Supplied data:
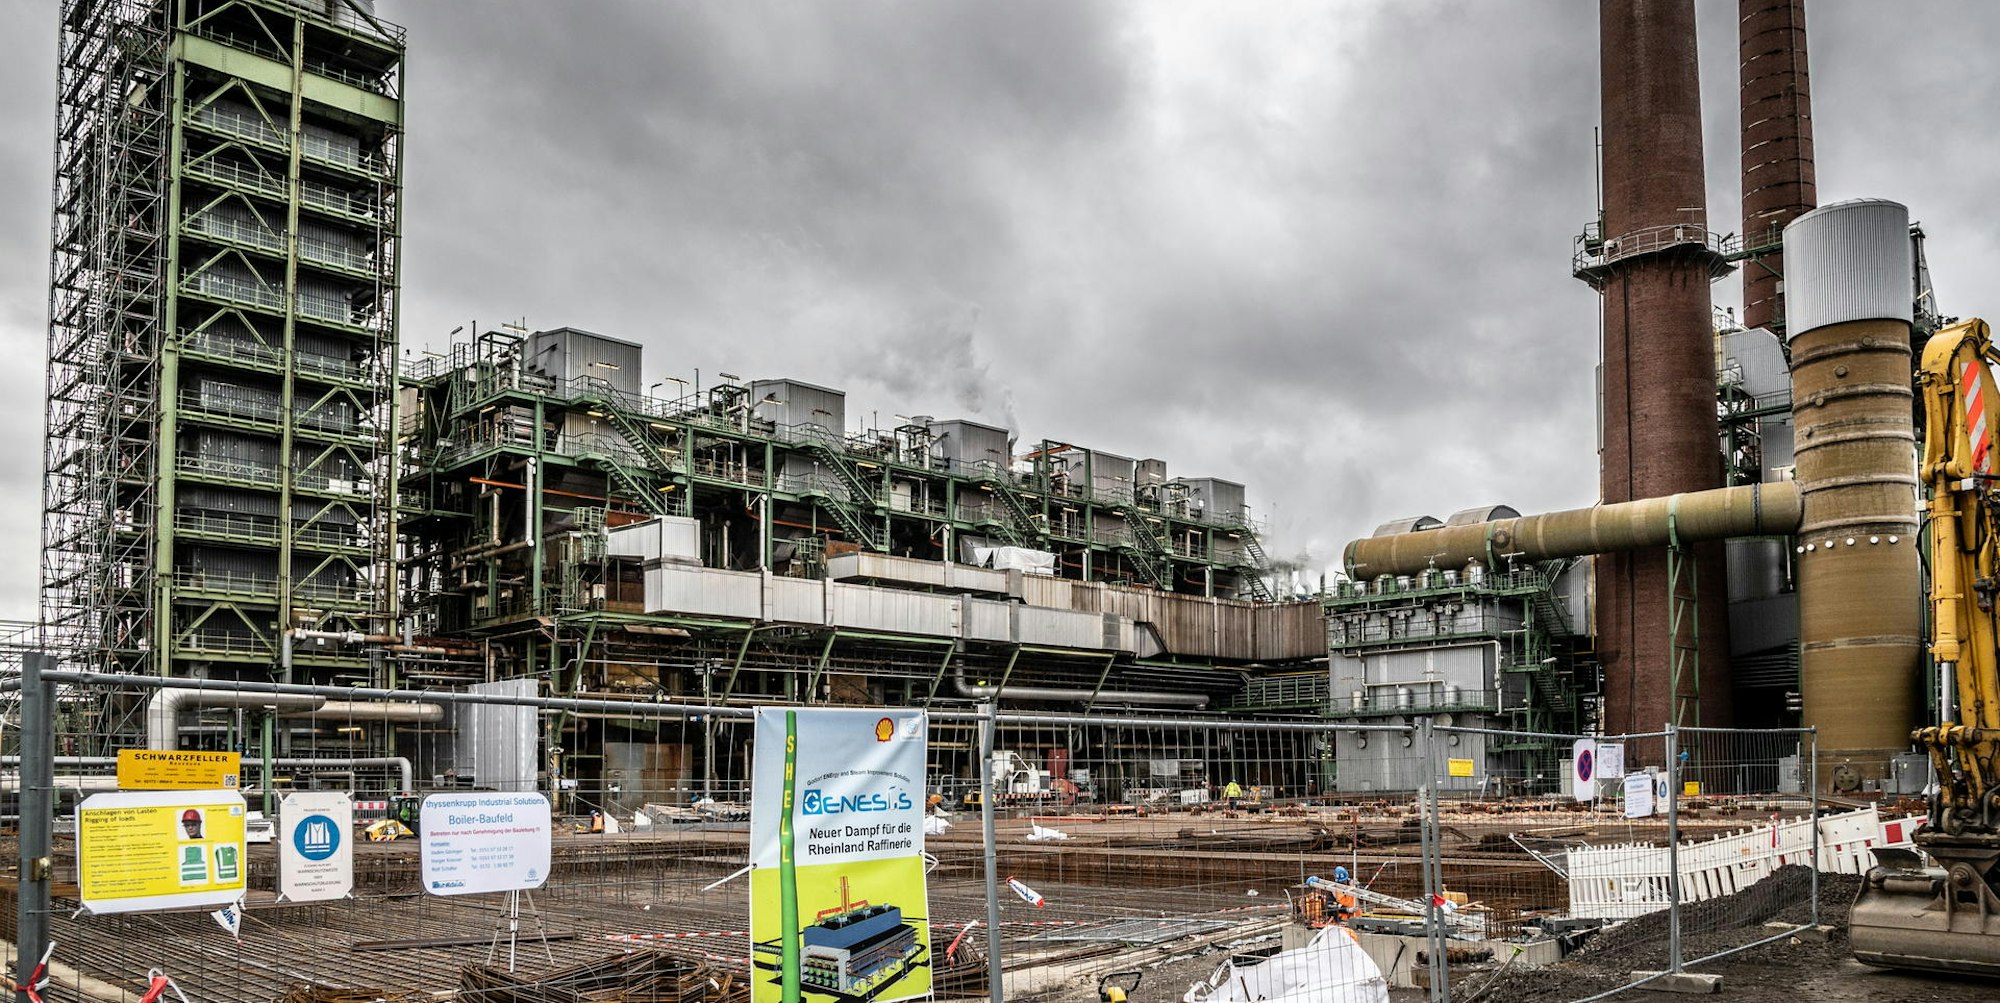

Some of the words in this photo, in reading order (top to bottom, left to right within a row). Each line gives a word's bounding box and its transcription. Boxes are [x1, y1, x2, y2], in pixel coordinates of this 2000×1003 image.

[134, 753, 228, 762] SCHWARZFELLER
[894, 772, 911, 783] Solution
[426, 800, 477, 809] thyssenkrupp
[478, 798, 512, 806] Industrial
[513, 797, 545, 805] Solutions
[781, 735, 795, 863] SHELL
[803, 787, 912, 814] GENESIS
[448, 813, 513, 825] Boiler-Baufeld
[809, 827, 842, 839] Neuer
[845, 824, 880, 838] Dampf
[882, 823, 896, 834] für
[898, 822, 912, 834] die
[808, 841, 864, 856] Rheinland
[867, 837, 912, 851] Raffinerie

Work task: Everything above should be given again exactly, apart from the pictures.

Problem solution:
Some of the words in this photo, in reading order (top to bottom, left to right within a row). Each line gives a word's bounding box and its transcription. Boxes are [x1, y1, x2, y2], in pixel coordinates of this 2000×1003 image.

[134, 753, 228, 762] SCHWARZFELLER
[894, 772, 911, 783] Solution
[426, 800, 477, 809] thyssenkrupp
[478, 798, 512, 806] Industrial
[513, 797, 545, 805] Solutions
[781, 735, 795, 863] SHELL
[803, 787, 912, 814] GENESIS
[448, 813, 513, 825] Boiler-Baufeld
[809, 827, 842, 839] Neuer
[845, 824, 880, 838] Dampf
[882, 823, 896, 834] für
[898, 822, 912, 834] die
[808, 841, 864, 856] Rheinland
[867, 837, 912, 851] Raffinerie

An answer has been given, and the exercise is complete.